_WORK ORDER:_ Output, exactly and in full, the entries that appear below.

● ● ● ●

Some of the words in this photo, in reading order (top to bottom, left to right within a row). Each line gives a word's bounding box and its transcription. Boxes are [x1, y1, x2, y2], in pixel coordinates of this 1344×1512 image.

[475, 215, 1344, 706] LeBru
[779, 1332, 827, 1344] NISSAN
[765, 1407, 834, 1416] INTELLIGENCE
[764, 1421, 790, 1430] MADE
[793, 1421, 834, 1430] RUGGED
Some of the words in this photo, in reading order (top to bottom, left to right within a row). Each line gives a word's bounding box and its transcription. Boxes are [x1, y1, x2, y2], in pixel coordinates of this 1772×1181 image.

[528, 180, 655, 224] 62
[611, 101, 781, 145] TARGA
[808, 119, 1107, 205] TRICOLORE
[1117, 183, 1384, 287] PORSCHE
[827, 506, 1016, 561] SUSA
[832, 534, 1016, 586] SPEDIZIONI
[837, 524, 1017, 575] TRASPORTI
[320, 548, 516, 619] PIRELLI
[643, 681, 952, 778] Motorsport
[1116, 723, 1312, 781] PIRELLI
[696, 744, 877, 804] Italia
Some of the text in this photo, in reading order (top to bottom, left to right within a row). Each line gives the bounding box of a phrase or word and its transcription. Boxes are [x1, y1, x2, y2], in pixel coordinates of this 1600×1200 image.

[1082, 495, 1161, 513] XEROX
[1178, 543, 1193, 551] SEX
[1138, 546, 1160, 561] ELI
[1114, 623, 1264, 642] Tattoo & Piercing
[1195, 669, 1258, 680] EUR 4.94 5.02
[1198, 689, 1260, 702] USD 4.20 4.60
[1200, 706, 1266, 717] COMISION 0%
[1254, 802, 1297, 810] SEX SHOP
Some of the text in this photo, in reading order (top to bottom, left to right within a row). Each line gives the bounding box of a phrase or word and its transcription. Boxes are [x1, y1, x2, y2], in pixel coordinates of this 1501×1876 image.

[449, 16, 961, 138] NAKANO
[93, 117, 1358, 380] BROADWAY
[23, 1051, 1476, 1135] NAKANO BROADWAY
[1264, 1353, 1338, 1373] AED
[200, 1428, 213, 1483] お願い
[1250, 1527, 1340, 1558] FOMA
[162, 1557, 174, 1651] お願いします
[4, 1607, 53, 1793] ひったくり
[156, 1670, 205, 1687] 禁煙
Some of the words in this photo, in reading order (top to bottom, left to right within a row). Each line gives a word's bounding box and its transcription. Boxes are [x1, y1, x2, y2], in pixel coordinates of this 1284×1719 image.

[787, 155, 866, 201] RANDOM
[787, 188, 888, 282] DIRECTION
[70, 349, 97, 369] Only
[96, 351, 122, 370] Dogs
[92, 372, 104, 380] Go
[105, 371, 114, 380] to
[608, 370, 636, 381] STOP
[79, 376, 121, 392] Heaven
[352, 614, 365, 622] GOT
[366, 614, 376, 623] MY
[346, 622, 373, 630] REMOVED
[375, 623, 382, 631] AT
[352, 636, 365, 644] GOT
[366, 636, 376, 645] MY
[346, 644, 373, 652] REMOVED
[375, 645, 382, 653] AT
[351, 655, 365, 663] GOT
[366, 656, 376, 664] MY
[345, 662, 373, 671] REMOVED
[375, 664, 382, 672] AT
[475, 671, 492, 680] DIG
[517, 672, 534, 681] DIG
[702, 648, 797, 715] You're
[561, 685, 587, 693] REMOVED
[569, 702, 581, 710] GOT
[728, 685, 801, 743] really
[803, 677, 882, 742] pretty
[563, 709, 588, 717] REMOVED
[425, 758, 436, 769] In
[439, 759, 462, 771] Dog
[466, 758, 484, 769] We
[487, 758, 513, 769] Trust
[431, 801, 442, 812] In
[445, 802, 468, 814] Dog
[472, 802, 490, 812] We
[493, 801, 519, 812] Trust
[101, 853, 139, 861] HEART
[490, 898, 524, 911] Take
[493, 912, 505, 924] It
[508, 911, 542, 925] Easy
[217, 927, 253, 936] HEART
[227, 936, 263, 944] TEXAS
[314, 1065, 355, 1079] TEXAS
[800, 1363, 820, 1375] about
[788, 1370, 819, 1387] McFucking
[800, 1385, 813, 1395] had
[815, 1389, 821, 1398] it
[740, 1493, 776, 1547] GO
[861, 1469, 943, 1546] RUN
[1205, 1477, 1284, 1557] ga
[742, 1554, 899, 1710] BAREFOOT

● ● ● ●

_PROBLEM SOLUTION:_
Some of the words in this photo, in reading order (top to bottom, left to right within a row). Each line gives a word's bounding box and its transcription. Boxes are [x1, y1, x2, y2], in pixel coordinates of this 1344×1512 image.

[475, 215, 1344, 706] LeBru
[779, 1332, 827, 1344] NISSAN
[765, 1407, 834, 1416] INTELLIGENCE
[764, 1421, 790, 1430] MADE
[793, 1421, 834, 1430] RUGGED
Some of the words in this photo, in reading order (top to bottom, left to right within a row). Each line gives a word's bounding box and its transcription. Boxes are [x1, y1, x2, y2], in pixel coordinates of this 1772×1181 image.

[528, 180, 655, 224] 62
[611, 101, 781, 145] TARGA
[808, 119, 1107, 205] TRICOLORE
[1117, 183, 1384, 287] PORSCHE
[827, 506, 1016, 561] SUSA
[832, 534, 1016, 586] SPEDIZIONI
[837, 524, 1017, 575] TRASPORTI
[320, 548, 516, 619] PIRELLI
[643, 681, 952, 778] Motorsport
[1116, 723, 1312, 781] PIRELLI
[696, 744, 877, 804] Italia
Some of the text in this photo, in reading order (top to bottom, left to right within a row). Each line gives the bounding box of a phrase or word and its transcription. Boxes are [x1, y1, x2, y2], in pixel coordinates of this 1600×1200 image.

[1082, 495, 1161, 513] XEROX
[1178, 543, 1193, 551] SEX
[1138, 546, 1160, 561] ELI
[1114, 623, 1264, 642] Tattoo & Piercing
[1195, 669, 1258, 680] EUR 4.94 5.02
[1198, 689, 1260, 702] USD 4.20 4.60
[1200, 706, 1266, 717] COMISION 0%
[1254, 802, 1297, 810] SEX SHOP
Some of the text in this photo, in reading order (top to bottom, left to right within a row). Each line gives the bounding box of a phrase or word and its transcription. Boxes are [x1, y1, x2, y2], in pixel coordinates of this 1501×1876 image.

[449, 16, 961, 138] NAKANO
[93, 117, 1358, 380] BROADWAY
[23, 1051, 1476, 1135] NAKANO BROADWAY
[1264, 1353, 1338, 1373] AED
[200, 1428, 213, 1483] お願い
[1250, 1527, 1340, 1558] FOMA
[162, 1557, 174, 1651] お願いします
[4, 1607, 53, 1793] ひったくり
[156, 1670, 205, 1687] 禁煙
Some of the words in this photo, in reading order (top to bottom, left to right within a row). Each line gives a word's bounding box and its transcription. Boxes are [x1, y1, x2, y2], in pixel coordinates of this 1284×1719 image.

[787, 155, 866, 201] RANDOM
[787, 188, 888, 282] DIRECTION
[70, 349, 97, 369] Only
[96, 351, 122, 370] Dogs
[92, 372, 104, 380] Go
[105, 371, 114, 380] to
[608, 370, 636, 381] STOP
[79, 376, 121, 392] Heaven
[352, 614, 365, 622] GOT
[366, 614, 376, 623] MY
[346, 622, 373, 630] REMOVED
[375, 623, 382, 631] AT
[352, 636, 365, 644] GOT
[366, 636, 376, 645] MY
[346, 644, 373, 652] REMOVED
[375, 645, 382, 653] AT
[351, 655, 365, 663] GOT
[366, 656, 376, 664] MY
[345, 662, 373, 671] REMOVED
[375, 664, 382, 672] AT
[475, 671, 492, 680] DIG
[517, 672, 534, 681] DIG
[702, 648, 797, 715] You're
[561, 685, 587, 693] REMOVED
[569, 702, 581, 710] GOT
[728, 685, 801, 743] really
[803, 677, 882, 742] pretty
[563, 709, 588, 717] REMOVED
[425, 758, 436, 769] In
[439, 759, 462, 771] Dog
[466, 758, 484, 769] We
[487, 758, 513, 769] Trust
[431, 801, 442, 812] In
[445, 802, 468, 814] Dog
[472, 802, 490, 812] We
[493, 801, 519, 812] Trust
[101, 853, 139, 861] HEART
[490, 898, 524, 911] Take
[493, 912, 505, 924] It
[508, 911, 542, 925] Easy
[217, 927, 253, 936] HEART
[227, 936, 263, 944] TEXAS
[314, 1065, 355, 1079] TEXAS
[800, 1363, 820, 1375] about
[788, 1370, 819, 1387] McFucking
[800, 1385, 813, 1395] had
[815, 1389, 821, 1398] it
[740, 1493, 776, 1547] GO
[861, 1469, 943, 1546] RUN
[1205, 1477, 1284, 1557] ga
[742, 1554, 899, 1710] BAREFOOT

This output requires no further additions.